Actos News
New Study: Actos Users 80 Percent More Likely to Develop Bladder Cancer
Thursday, May 31, 2012
A new study conducted by researchers at McGill University and Jewish General Hospital in Montreal, Canada suggests people with Type 2 diabetes that take Actos (pioglitazone) are over 80 percent more likely to develop bladder cancer than those who don't take the drug. For patients that take Actos for more than two years, the risk of developing bladder cancer is doubled - a finding that is very unsettling considering Actos is meant to be taken long term. The Actos study was published Thursday in the journal BMJ.
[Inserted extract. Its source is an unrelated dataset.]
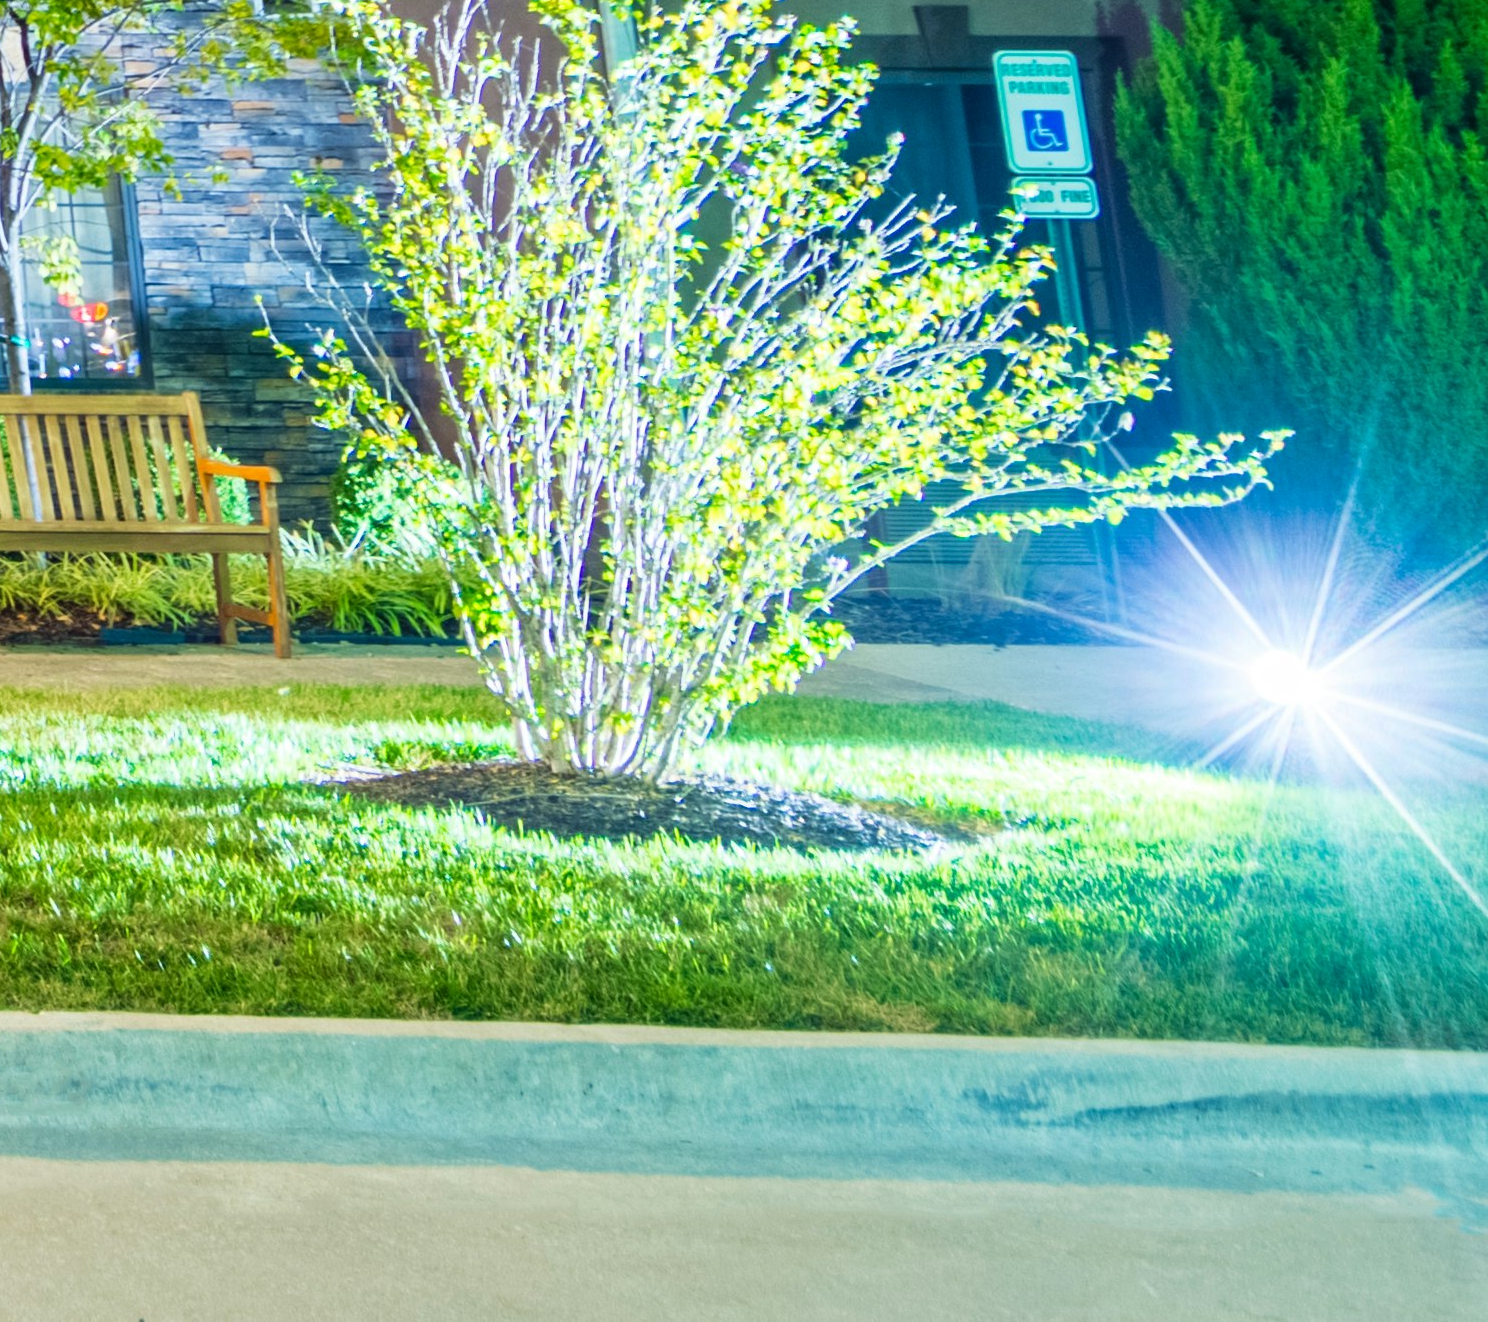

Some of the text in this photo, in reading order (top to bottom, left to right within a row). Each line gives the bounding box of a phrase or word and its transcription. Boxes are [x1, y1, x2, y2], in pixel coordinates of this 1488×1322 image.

The Actos study comes on the heels of a safety announcement from Health Canada earlier this year that indicated "emerging signals" have linked Actos (pioglitazone) to bladder cancer. Health Canada, the nation's federal health department, issued the statement after performing a safety assessment of the Type 2 diabetes drug, which was based on an ongoing study being conducted by Actos manufacturer, Takeda Pharmaceuticals. The drug regulator asked Takeda to update the Actos label to inform the drug's users about the link to bladder cancer.
Researchers in the latest study looked at medical records from over 115,000 people from Britain that were prescribed medication for their Type 2 diabetes. The patients were placed into four groups: those that took pioglitazone exclusively, those that took rosiglitazone (Avandia) exclusively, those that took a combination of both pioglitazone and rosiglitazone, and those that took nothing. An increased risk for bladder cancer was only seen in the group of patients that took pioglitazone. The risk was found to be greater in patients that took pioglitazone for longer durations or at higher dosages.
"I think this is probably the single best study of this issue, and I think (it) leaves little doubt that pioglitazone is a potential risk for bladder cancer," said Dr. David Juurlink, head of the division of clinical pharmacology at the University of Toronto. "I think this study adds fuel to the argument that this is a class of drugs that people should simply not be prescribing - doctors should simply not be prescribing."